Personal information
- Date of birth: 25 April 1999 (age 27)
- Place of birth: Caen, France
- Height: 1.75 m (5 ft 9 in)
- Position: Midfielder

Team information
- Current team: Pays du Valois

Youth career
- 2005–2015: SM Caen
- 2015–2017: Paris Saint-Germain

Senior career*
- Years: Team / Apps / (Gls)
- 2017–2019: Paris Saint-Germain B / 42 / (3)
- 2019–2021: SM Caen / 5 / (0)
- 2019–2021: SM Caen B / 14 / (2)
- 2021–2023: Emmen / 36 / (3)
- 2024: AG Caen / 11 / (0)
- 2024–: Pays du Valois / 18 / (4)

= Azzeddine Toufiqui =

French footballer (born 1999)

Azzeddine Toufiqui (عز الدين توفيقي; born 25 April 1999) is a French footballer who plays as a midfielder for Championnat National 3 club Pays du Valois.

==Career==

=== Early career ===
Toufiqui spent a major part of his youth career in the academy of Caen before joining Paris Saint-Germain in 2015. From 2017 to 2019, he was part of club's reserve squad which played in the Championnat National 2. In February 2019, he was called up to senior team's matchday squad twice by Thomas Tuchel, but failed to get any playing minutes.

=== Caen ===
On 31 August 2019, Toufiqui's former club Caen announced his signing on a three-year deal.
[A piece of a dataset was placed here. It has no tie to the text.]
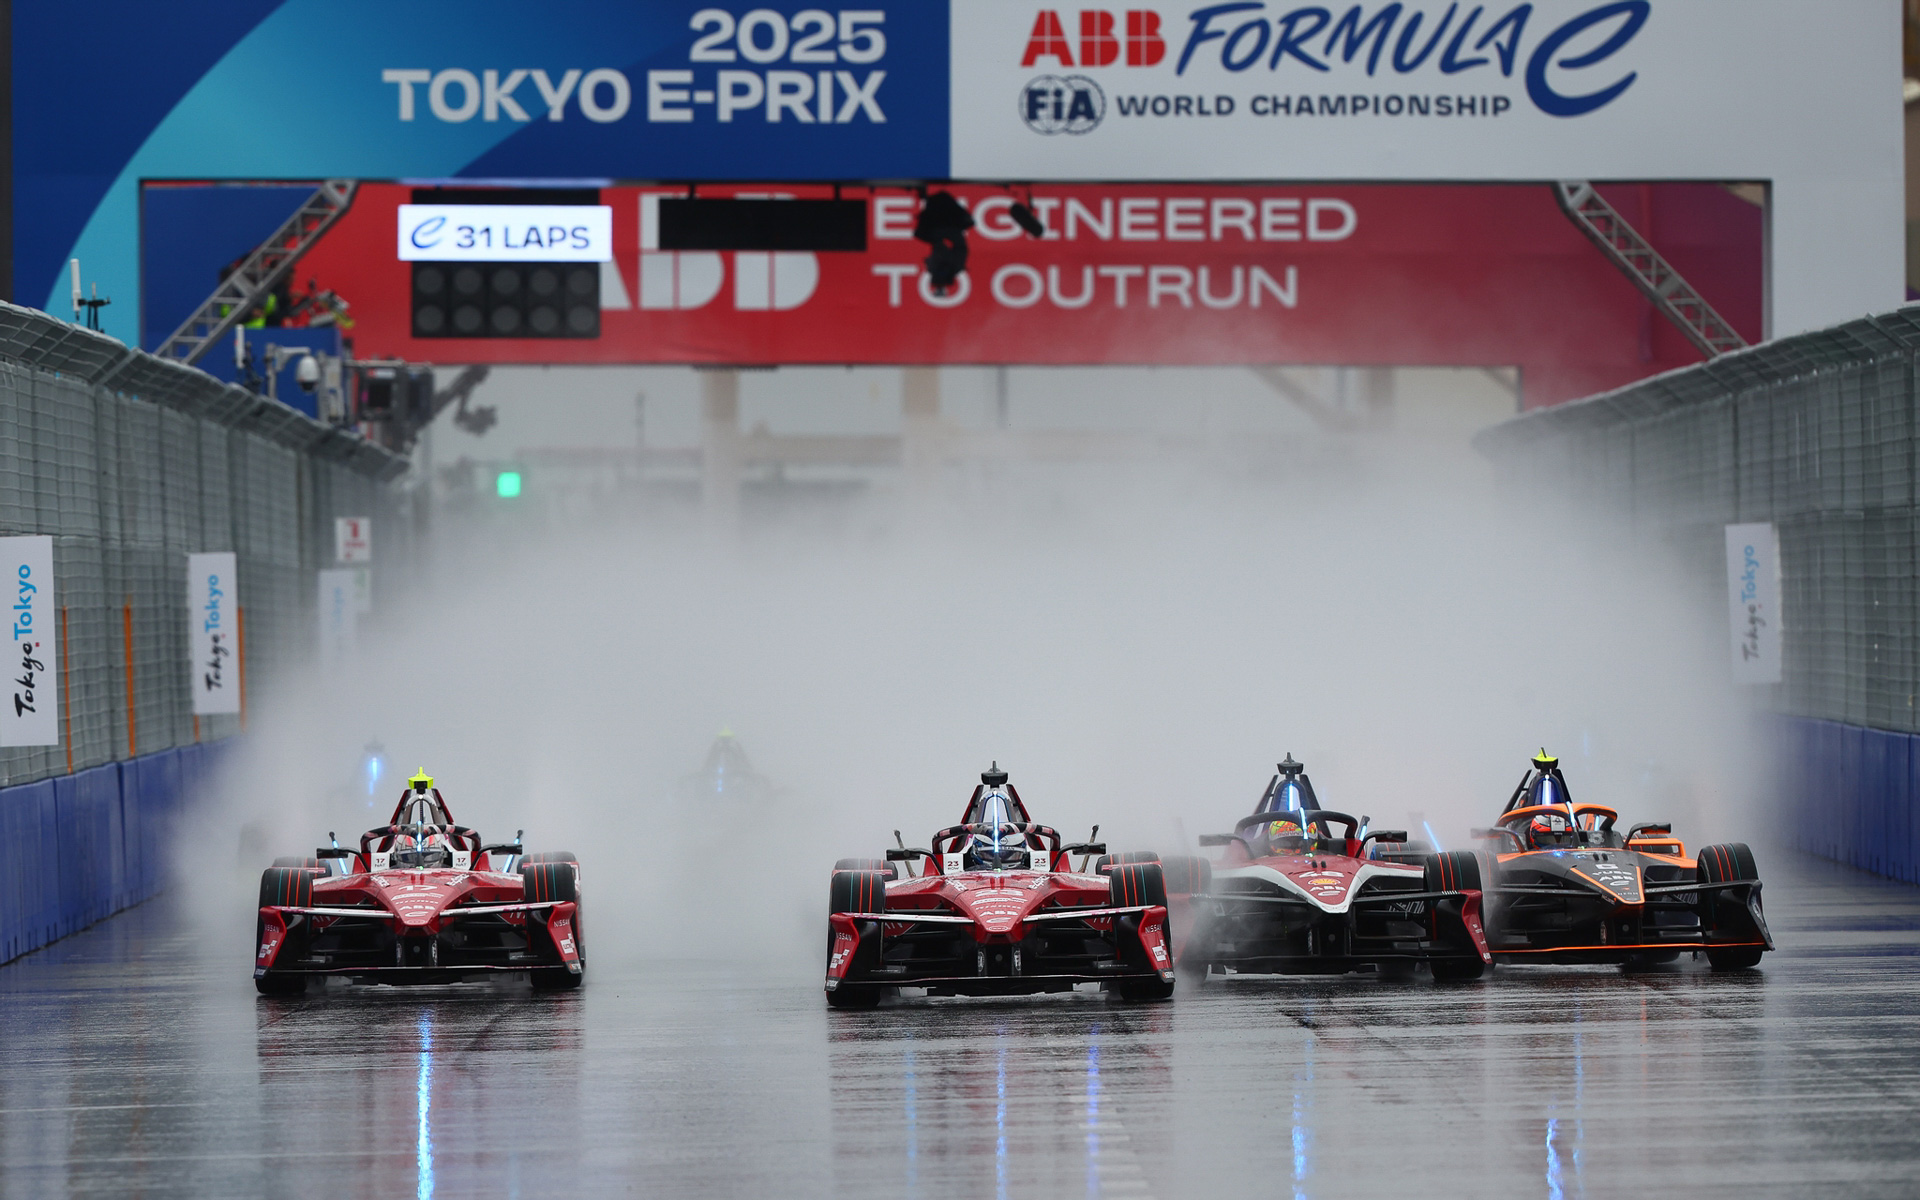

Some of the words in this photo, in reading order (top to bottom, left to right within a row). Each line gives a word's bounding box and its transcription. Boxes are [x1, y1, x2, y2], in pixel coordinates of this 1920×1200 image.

He made his professional debut two weeks later on 13 September, in a 2–1 loss against Troyes.

=== FC Emmen ===
In July 2021, Toufiqui signed for FC Emmen in the Netherlands.

==Personal life==
Born to a Moroccan father and an Algerian mother in France, Toufiqui is eligible to represent all three countries. He is the younger brother of former French youth international Sabri Toufiqui.